Question: Number of Transcripts in GRCh38
boyu9310 wrote:

I downloaded several canonical GRCh38 gtf files, but I found the number of transcripts are different in each gtf. I was hoping to find one with 198838 transcripts. Does anyone know where I could find a list showing the number of transcripts as to each version of canonical gtf file?

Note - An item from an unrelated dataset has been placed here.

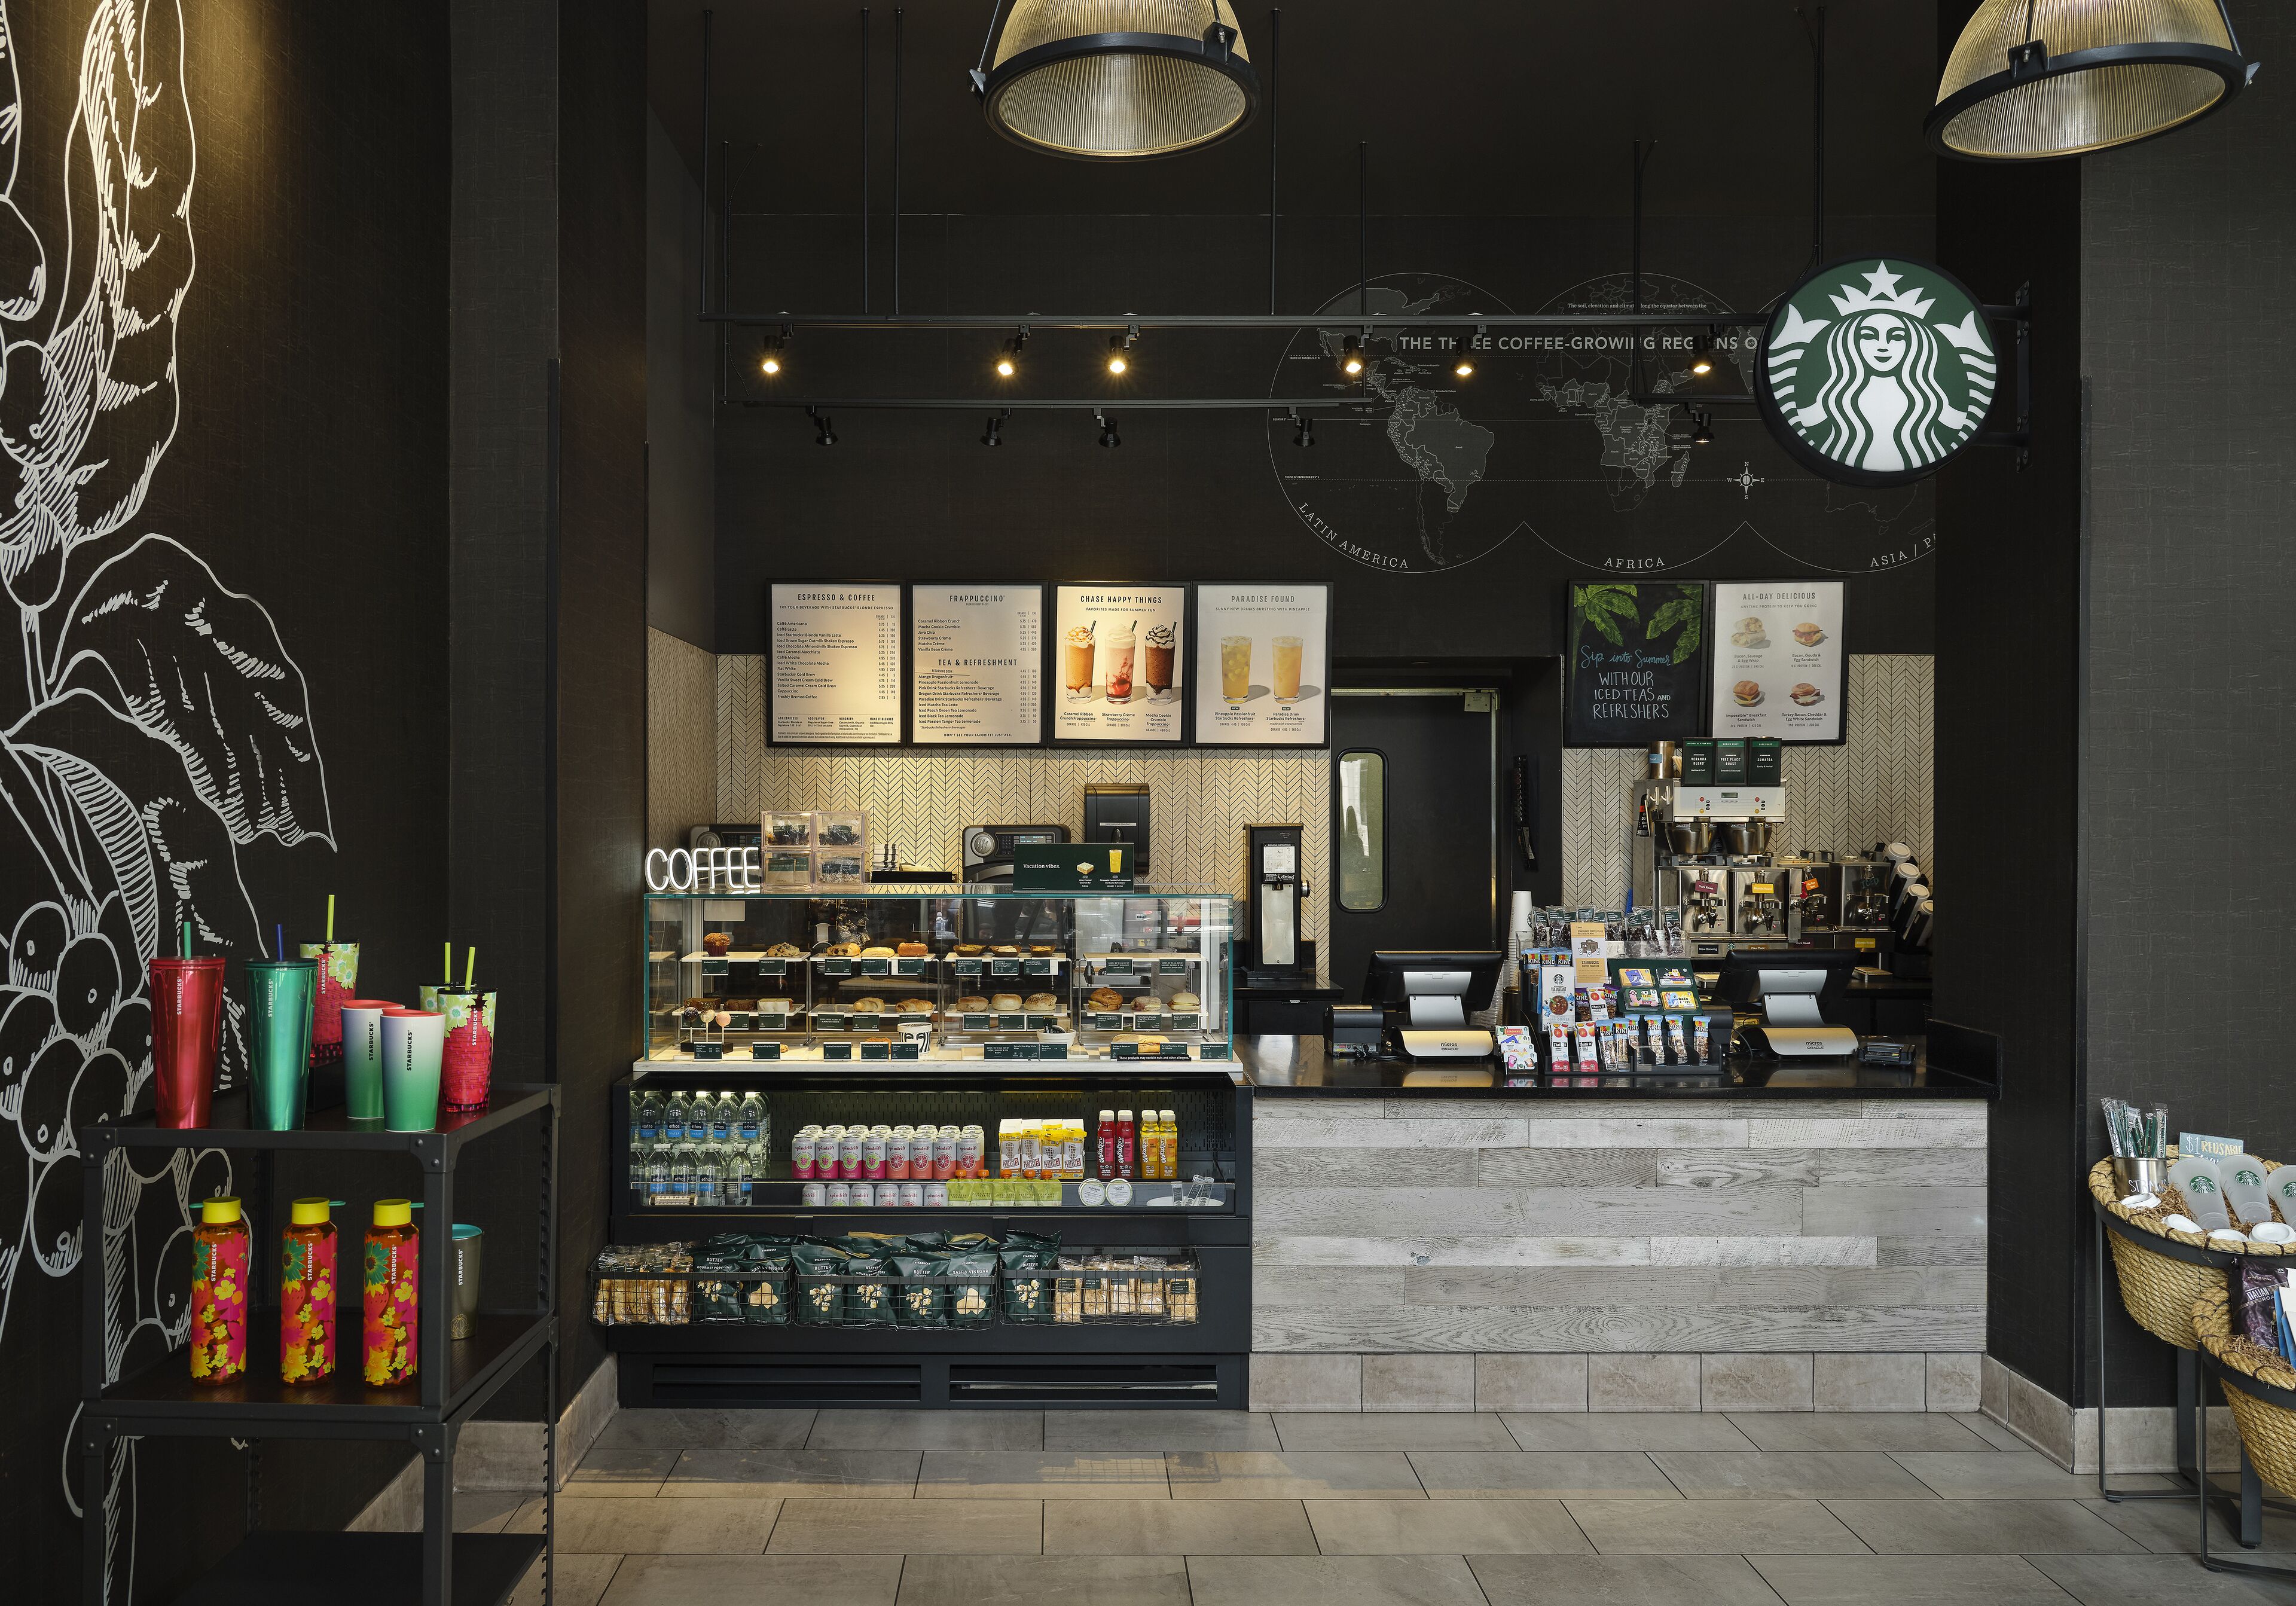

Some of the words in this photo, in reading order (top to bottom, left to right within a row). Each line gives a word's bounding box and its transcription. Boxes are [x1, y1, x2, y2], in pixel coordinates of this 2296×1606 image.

Edit: I have found that on the website of GenCode, there is a summary of transcripts number GenCode_summary. Also, in Ensembl, there is another series of annotation. How could I find one annotation file with a specific number of transcripts? As I said, 198838 transcripts?

Why are you looking for an annotation with exactly 198838 transcripts?

That's roughly the number of genes identified by GENCODE, but it includes upward of 40,000 pseudogenes and many more dozens of 1000s of transcripts that undergo nonsense mediated decay.

The last time that I did a RNA-seq experiment with Kallisto, I used the GENCODE FASTA v24 as reference and it had 199,170 transcripts, which includes all genes and known transcript isoforms. Here's a direct link to the listing (on my box dot com page), in case you're interested:

On the archives of Ensembl ( ) you can find old versions. In each case you can find under "More information and statistics" link for human genome detailed breakdown of the number of different features in particular assembly. An example from Jul2015 is here: None of the assemblies I've quickly checked had exactly 198838 transcripts (some had it close, but not equal to that number).

Thanks so much for the reply. I just found that there were some problems using Tablemaker to process. The number of transcripts in the Tablemaker output is not consistent with the reference annotation.

UK, Hinxton, EMBL-EBI
Denise - Open Targets4.6k wrote:

GENCODE calculates their stats taking into account the reference chromosomes only (check their README_stats.txt for the details), whereas the Ensembl provides the stats for reference chromosomes plus alternate sequences (haplotypes and patches).

If you go to the the Ensembl annotation page for human, you will see that their latest annotation "also includes 261 alt loci scaffolds, mainly in the LRC/KIR complex on chromosome 19 (35 alternate sequence representations) and the MHC region on chromosome 6 (7 alternate sequence representations)".

Your GENCODE v24 is on GRCh38.p5 (5th patched version of GRCh38) and the Ensembl annotation on GRCh38.p5 is available on their release 84. Ensembl reports 199,184 and the higher number is because of the transcripts annotated on the patches.

If you download the Homo_sapiens.GRCh38.84.gtf.gz from the Ensembl FTP release 84, you should be able to get the same numbers as the .gtf contains the annotation on the reference chromosomes, without patches and haplotypes.

Thank you so much! I found the information I needed. And I traced back to the annotation file used while running cufflinks. It seems that there's some mistake during either cufflinks or Tablemaker processing, which caused duplicated transcript names in a file. (Using Stringtie to process will not have this issue). And by filtering out these duplicated transcripts, they are the same as the reference.

Just looking for a small cross verification. The number of transcripts is 199184; what is the number of genes in this build? Is it 60675? So after read assignment with FeatureCounts/Stringtie I expect to get count for 60675 genes?